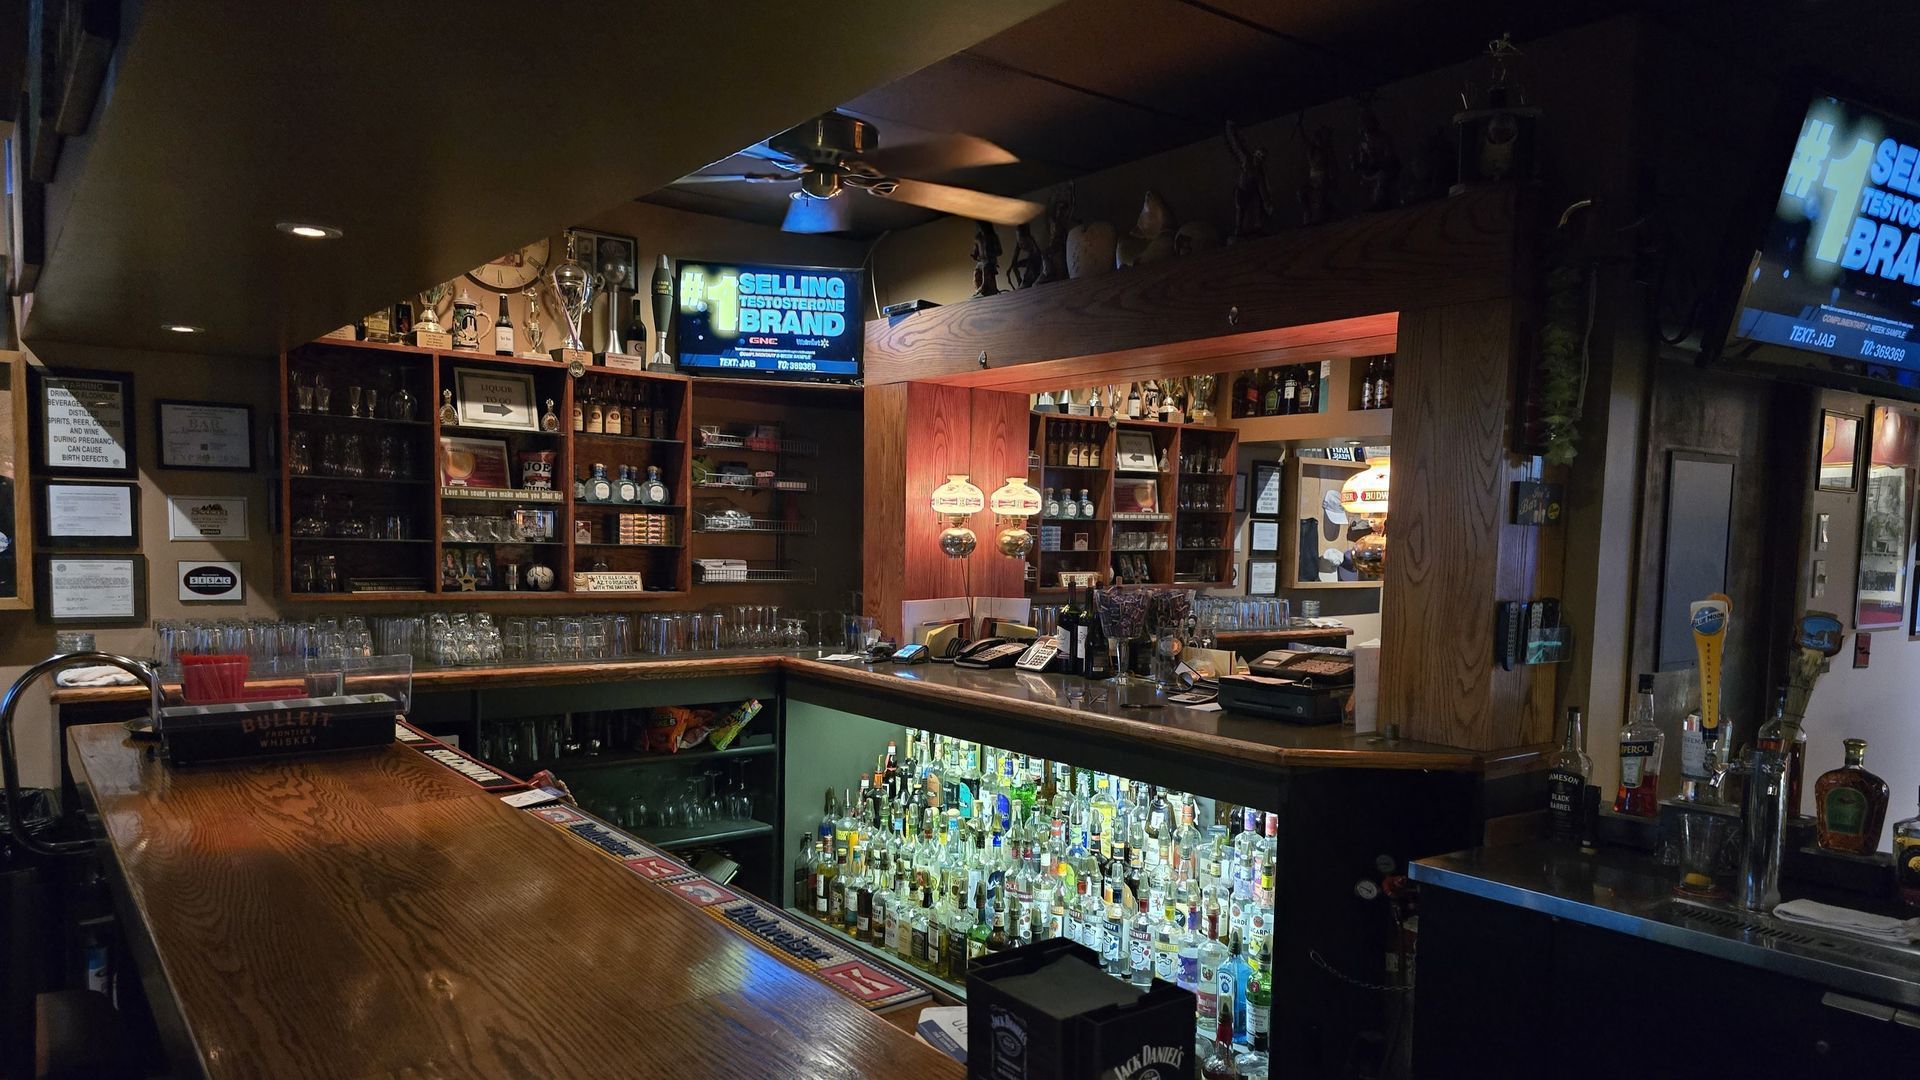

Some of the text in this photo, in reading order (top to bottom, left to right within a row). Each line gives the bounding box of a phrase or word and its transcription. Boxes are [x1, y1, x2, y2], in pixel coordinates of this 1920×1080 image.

[1784, 118, 1875, 263] #1
[738, 272, 845, 299] SELLING
[681, 272, 737, 331] #1
[739, 295, 845, 313] TESTOSTERONE
[739, 308, 845, 337] BRAND
[749, 337, 778, 345] GNC
[1789, 325, 1906, 362] TEXT: JAB TO: 369369
[720, 357, 739, 367] TEXT:
[739, 359, 756, 368] JAB
[778, 360, 789, 370] TO:
[481, 383, 513, 393] LIQUOR
[485, 395, 512, 405] TO GO
[78, 437, 115, 445] PREGNANCY
[81, 455, 109, 463] DEFECTS
[524, 462, 551, 472] JOE
[444, 488, 458, 496] Love
[459, 488, 469, 496] the
[470, 489, 486, 497] sound
[488, 490, 498, 498] you
[500, 490, 514, 498] make
[515, 491, 529, 499] when
[530, 492, 540, 500] you
[541, 491, 553, 499] Shut
[1707, 611, 1725, 621] MOON
[241, 711, 333, 734] BULLEIT
[260, 735, 317, 748] WHISKEY
[724, 903, 834, 961] Budweiser
[1113, 1044, 1185, 1080] JACK DANIEL'S
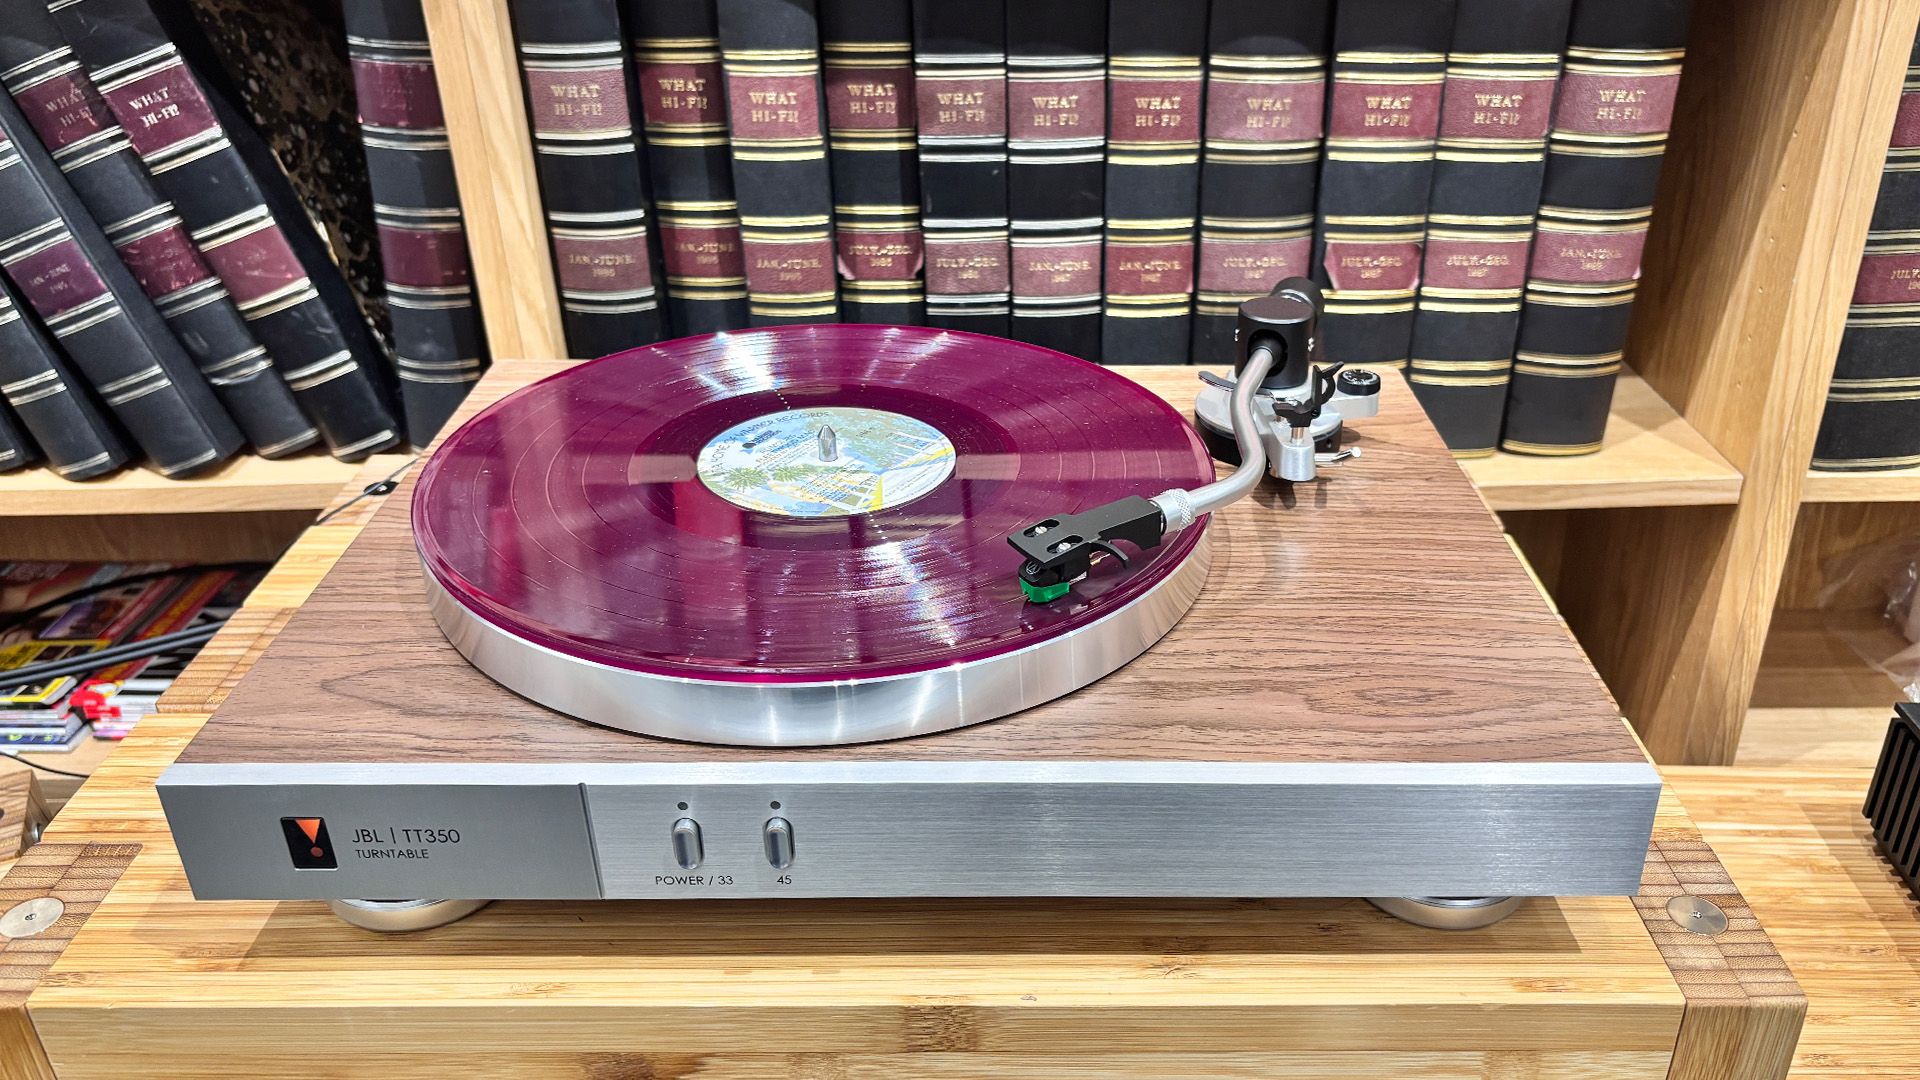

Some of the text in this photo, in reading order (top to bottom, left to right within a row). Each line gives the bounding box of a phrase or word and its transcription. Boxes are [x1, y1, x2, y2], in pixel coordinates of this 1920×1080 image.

[551, 85, 601, 98] WHAT
[659, 78, 706, 92] WHAT
[847, 84, 895, 97] WHAT
[44, 91, 86, 114] WHAT
[128, 86, 169, 111] WHAT
[749, 92, 797, 105] WHAT
[937, 92, 984, 105] WHAT
[1032, 95, 1079, 109] WHAT
[1135, 96, 1181, 110] WHAT
[1365, 96, 1413, 110] WHAT
[1475, 94, 1523, 108] WHAT
[1600, 89, 1647, 103] WHAT
[1247, 97, 1292, 111] WHAT
[352, 828, 384, 844] JBL
[402, 828, 461, 844] TT350
[355, 848, 429, 859] TURNTABLE
[655, 875, 704, 886] POWER
[718, 875, 734, 885] 33
[776, 875, 792, 885] 45
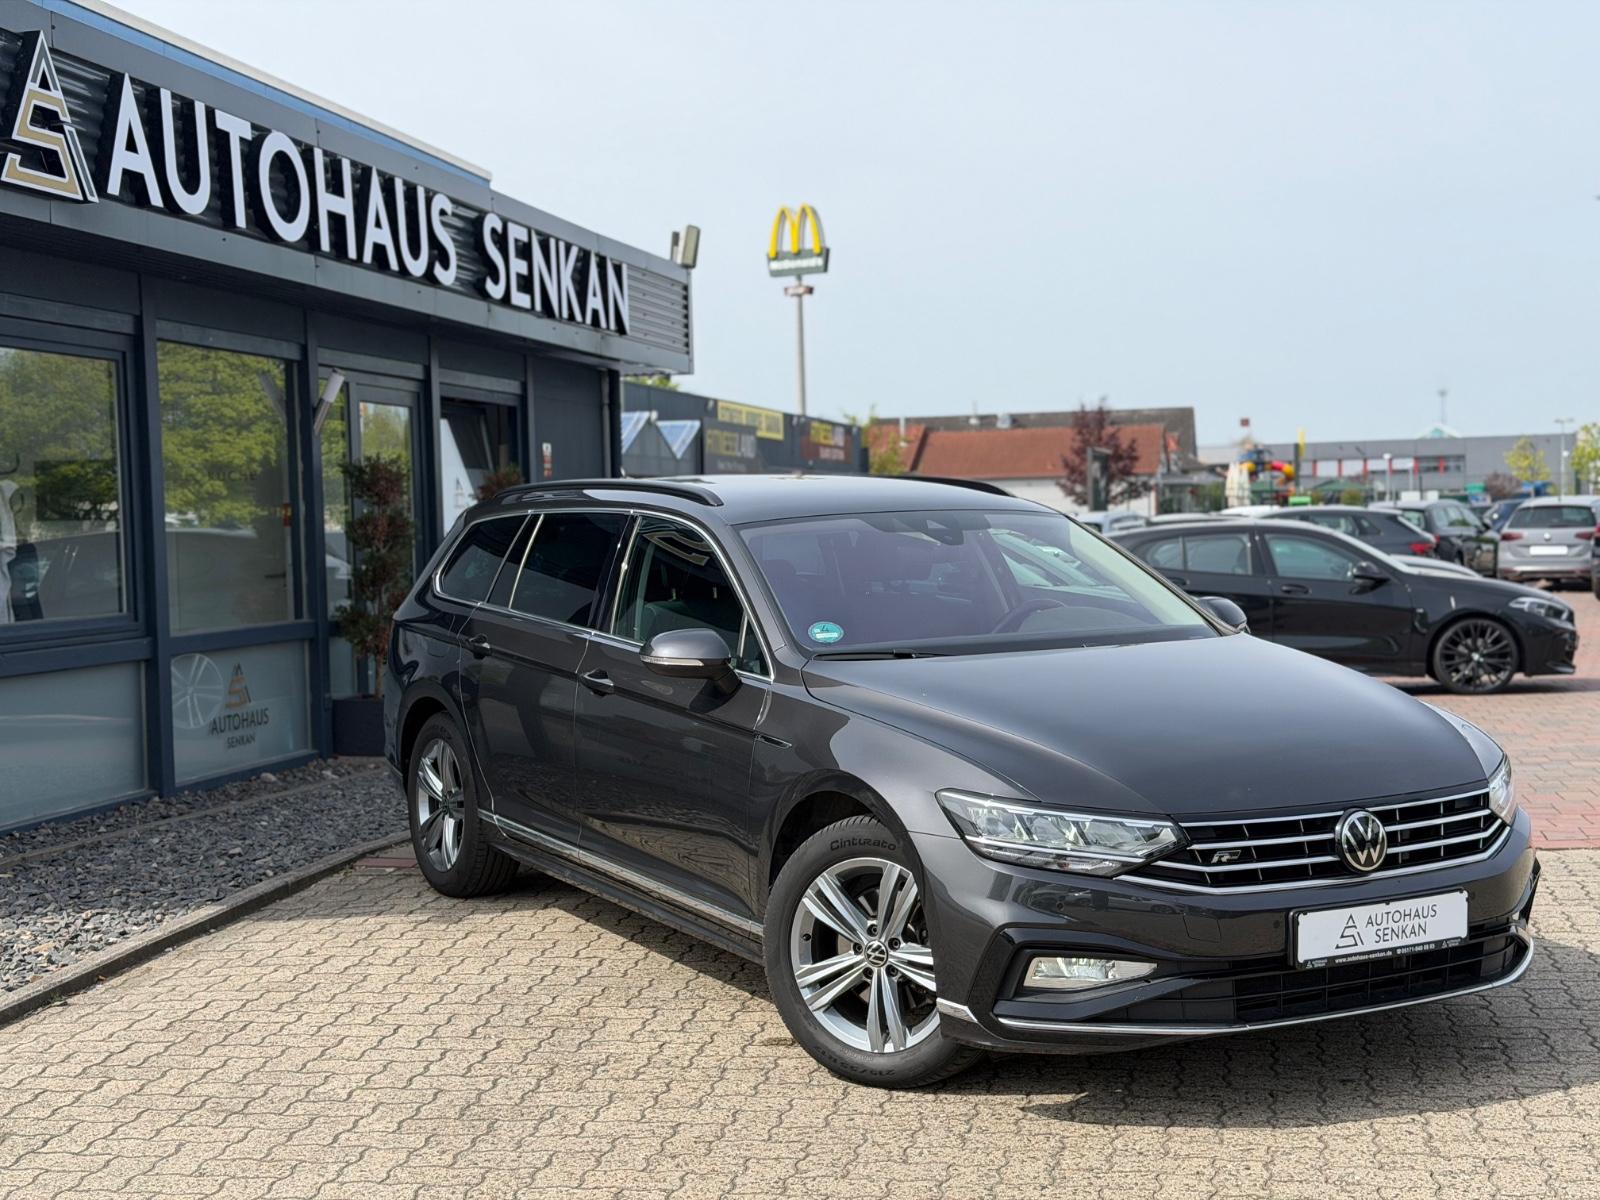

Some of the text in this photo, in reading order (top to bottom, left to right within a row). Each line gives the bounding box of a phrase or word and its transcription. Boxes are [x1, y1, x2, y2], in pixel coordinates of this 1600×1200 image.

[106, 72, 631, 335] AUTOHAUS SENKAN
[210, 708, 270, 735] AUTOHAUS
[226, 732, 256, 749] SENKAN
[1365, 904, 1437, 928] AUTOHAUS
[1374, 921, 1428, 944] SENKAN

### What you should do:
What's needed here is an exact repeat of all the records above, pictures excluded.

### Result of the exercise:
Some of the text in this photo, in reading order (top to bottom, left to right within a row). Each line gives the bounding box of a phrase or word and its transcription. Boxes are [x1, y1, x2, y2], in pixel coordinates of this 1920×1080 image.

[1784, 118, 1875, 263] #1
[738, 272, 845, 299] SELLING
[681, 272, 737, 331] #1
[739, 295, 845, 313] TESTOSTERONE
[739, 308, 845, 337] BRAND
[749, 337, 778, 345] GNC
[1789, 325, 1906, 362] TEXT: JAB TO: 369369
[720, 357, 739, 367] TEXT:
[739, 359, 756, 368] JAB
[778, 360, 789, 370] TO:
[481, 383, 513, 393] LIQUOR
[485, 395, 512, 405] TO GO
[78, 437, 115, 445] PREGNANCY
[81, 455, 109, 463] DEFECTS
[524, 462, 551, 472] JOE
[444, 488, 458, 496] Love
[459, 488, 469, 496] the
[470, 489, 486, 497] sound
[488, 490, 498, 498] you
[500, 490, 514, 498] make
[515, 491, 529, 499] when
[530, 492, 540, 500] you
[541, 491, 553, 499] Shut
[1707, 611, 1725, 621] MOON
[241, 711, 333, 734] BULLEIT
[260, 735, 317, 748] WHISKEY
[724, 903, 834, 961] Budweiser
[1113, 1044, 1185, 1080] JACK DANIEL'S

Some of the text in this photo, in reading order (top to bottom, left to right within a row). Each line gives the bounding box of a phrase or word and its transcription. Boxes are [x1, y1, x2, y2], in pixel coordinates of this 1920×1080 image.

[551, 85, 601, 98] WHAT
[659, 78, 706, 92] WHAT
[847, 84, 895, 97] WHAT
[44, 91, 86, 114] WHAT
[128, 86, 169, 111] WHAT
[749, 92, 797, 105] WHAT
[937, 92, 984, 105] WHAT
[1032, 95, 1079, 109] WHAT
[1135, 96, 1181, 110] WHAT
[1365, 96, 1413, 110] WHAT
[1475, 94, 1523, 108] WHAT
[1600, 89, 1647, 103] WHAT
[1247, 97, 1292, 111] WHAT
[352, 828, 384, 844] JBL
[402, 828, 461, 844] TT350
[355, 848, 429, 859] TURNTABLE
[655, 875, 704, 886] POWER
[718, 875, 734, 885] 33
[776, 875, 792, 885] 45

Some of the text in this photo, in reading order (top to bottom, left to right within a row). Each line gives the bounding box of a phrase or word and its transcription. Boxes are [x1, y1, x2, y2], in pixel coordinates of this 1600×1200 image.

[106, 72, 631, 335] AUTOHAUS SENKAN
[210, 708, 270, 735] AUTOHAUS
[226, 732, 256, 749] SENKAN
[1365, 904, 1437, 928] AUTOHAUS
[1374, 921, 1428, 944] SENKAN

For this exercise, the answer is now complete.